Exploring the incompleteness of the other in our lives, we discover and invent in memoir a new being, a writerly self. (Roland Barthes italicizes this foray in his great essay, “The Death of the Author.”) The narrator/character who emerges becomes the “I” of the tale, who is not the author. The literary memoir winds up divulging this self on behalf of its author, who, hidden, masked, or inchoate, is vitalized through the begetting power of language. Along the way, the narrator helps quarry his author’s vexatious experiences, volatile or shadowy voicings of his transcendent nature. If well done, the book’s reader finds such experiences to be authentic and unverifiable.

This last word has intrigued me for years. Aren’t all first-person narratives unverifiable: How else would you know what I’m feeling or thinking unless I tell you and, once I tell you, how can you verify or trust what I’ve written? You can’t verify, not as you can the facts. Unlike memoirs whose subject is other-relational, where family or era, place or profession, has the main say, the subject of the spiritual tell is private, unwitnessed. To visit the terrain of the indwelling, I read religious autobiographies and spiritual memoirs, which comprise the most arduously interior stories of all.

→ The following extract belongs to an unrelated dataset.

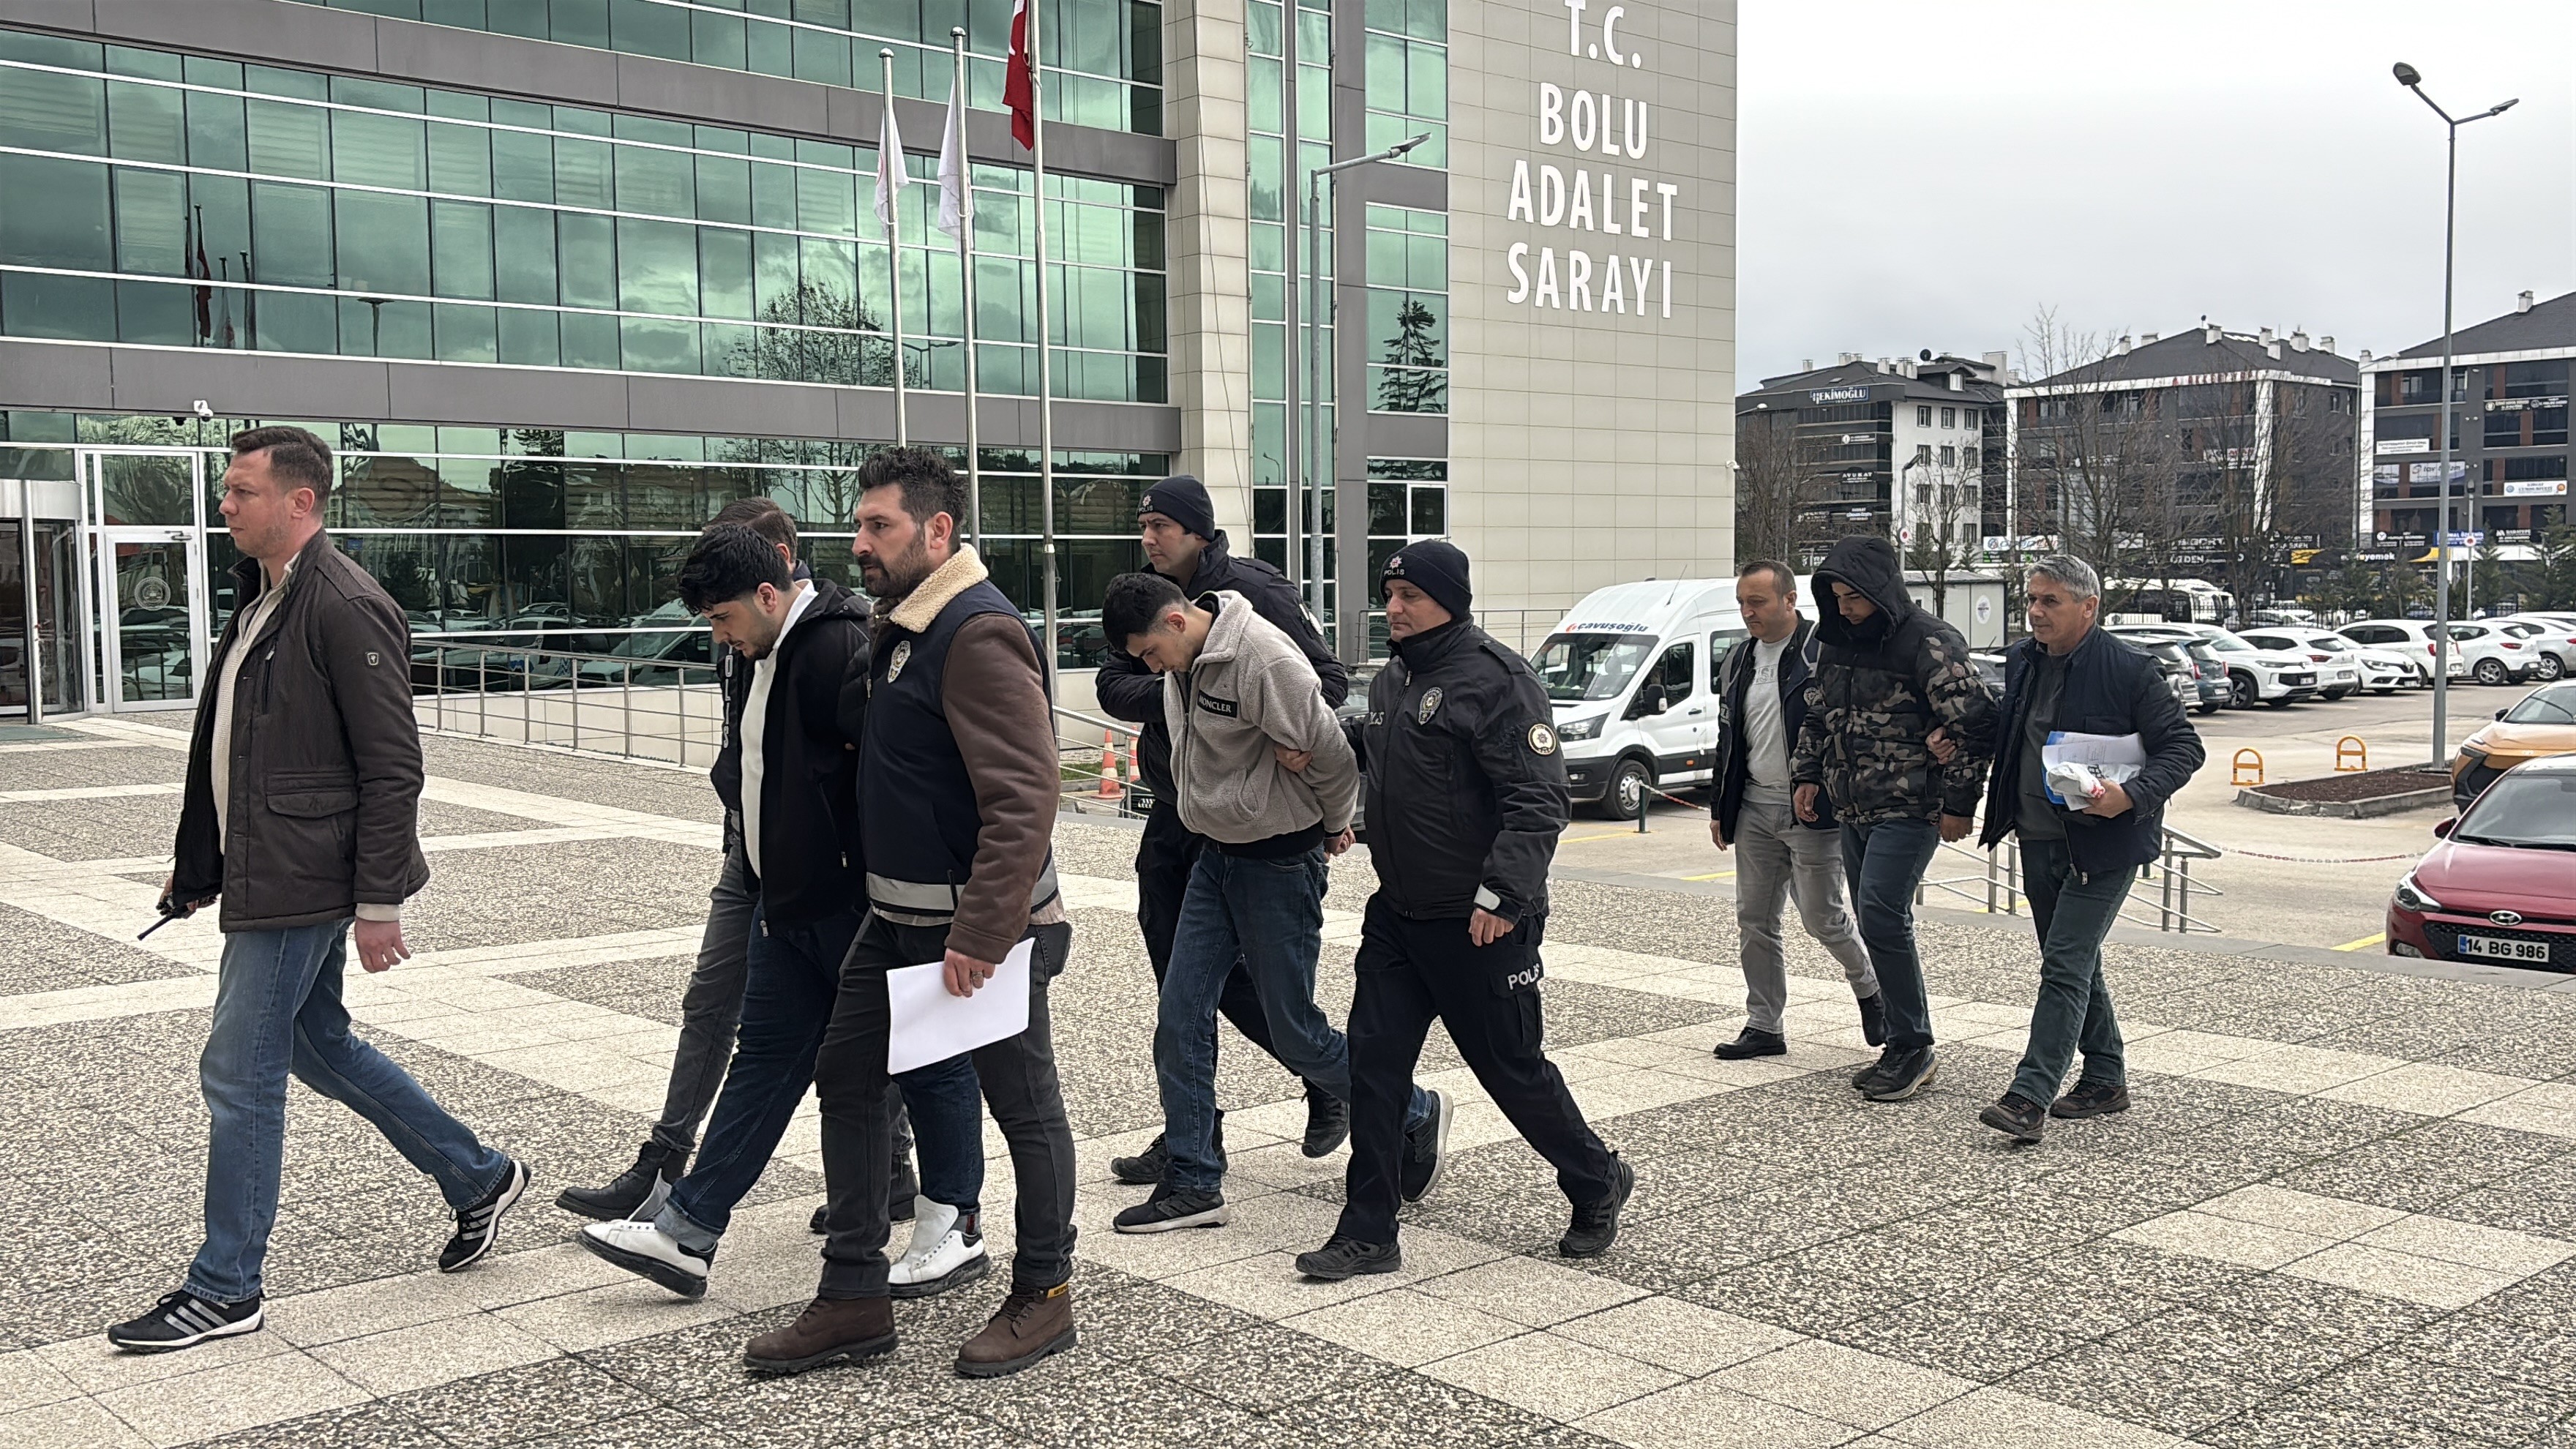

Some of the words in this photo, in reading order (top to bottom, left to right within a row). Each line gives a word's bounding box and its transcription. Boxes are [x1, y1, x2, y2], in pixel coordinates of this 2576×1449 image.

My first surprise was to find how rare the gifted religious autobiography is. First-person conversion tales include only four masterworks: Augustine (400 CE), Tolstoy (1882), Thérèse of Lisieux (1896), and Thomas Merton (1948). Each confesses his or her epic effort to dramatize a pilgrimage of faith in an exhaustive style. Each creates an insurgent, both idealized and tortured, “I” who embodies the well of spiritual obsession.

Why only these standouts? For a thousand years, nearly all Christian authors were church-censored and devotionally compliant: Writing one’s religion was a trial not of literary craft but of conformity, depersonalization. Too often these life stories were shackled to the standard, nonintimate analysis of sin and salvation. How odd that a tradition which prizes personal faith in Christ would produce so few texts of personal faithfulness.

Seduced by Tolstoy’s and Merton’s less hidebound testaments, twentieth-century spiritual authors grew in sync with cultural upheavals: Postwar existentialism bowed to the New Age, the Buddhist path displaced Catholic catechism, and religious authority gave way to personal authority. Circa the 1970s, writers discovered two key truths.

First, the spiritual memoir removes religion as the context for searching out one’s ultimate inner concern, letting any context act as ground for the endeavor: one’s wonder and fear of God, the irresolvability of death, purpose vs. purposelessness, sudden loss, one’s unlived calling, aging and mortality, all enigmatic and (near) inexplicable. (As well as inexorably singular: Camus writes, “There is no longer a single idea explaining everything, but an infinite number of essences giving a meaning to an infinite number of objects.”)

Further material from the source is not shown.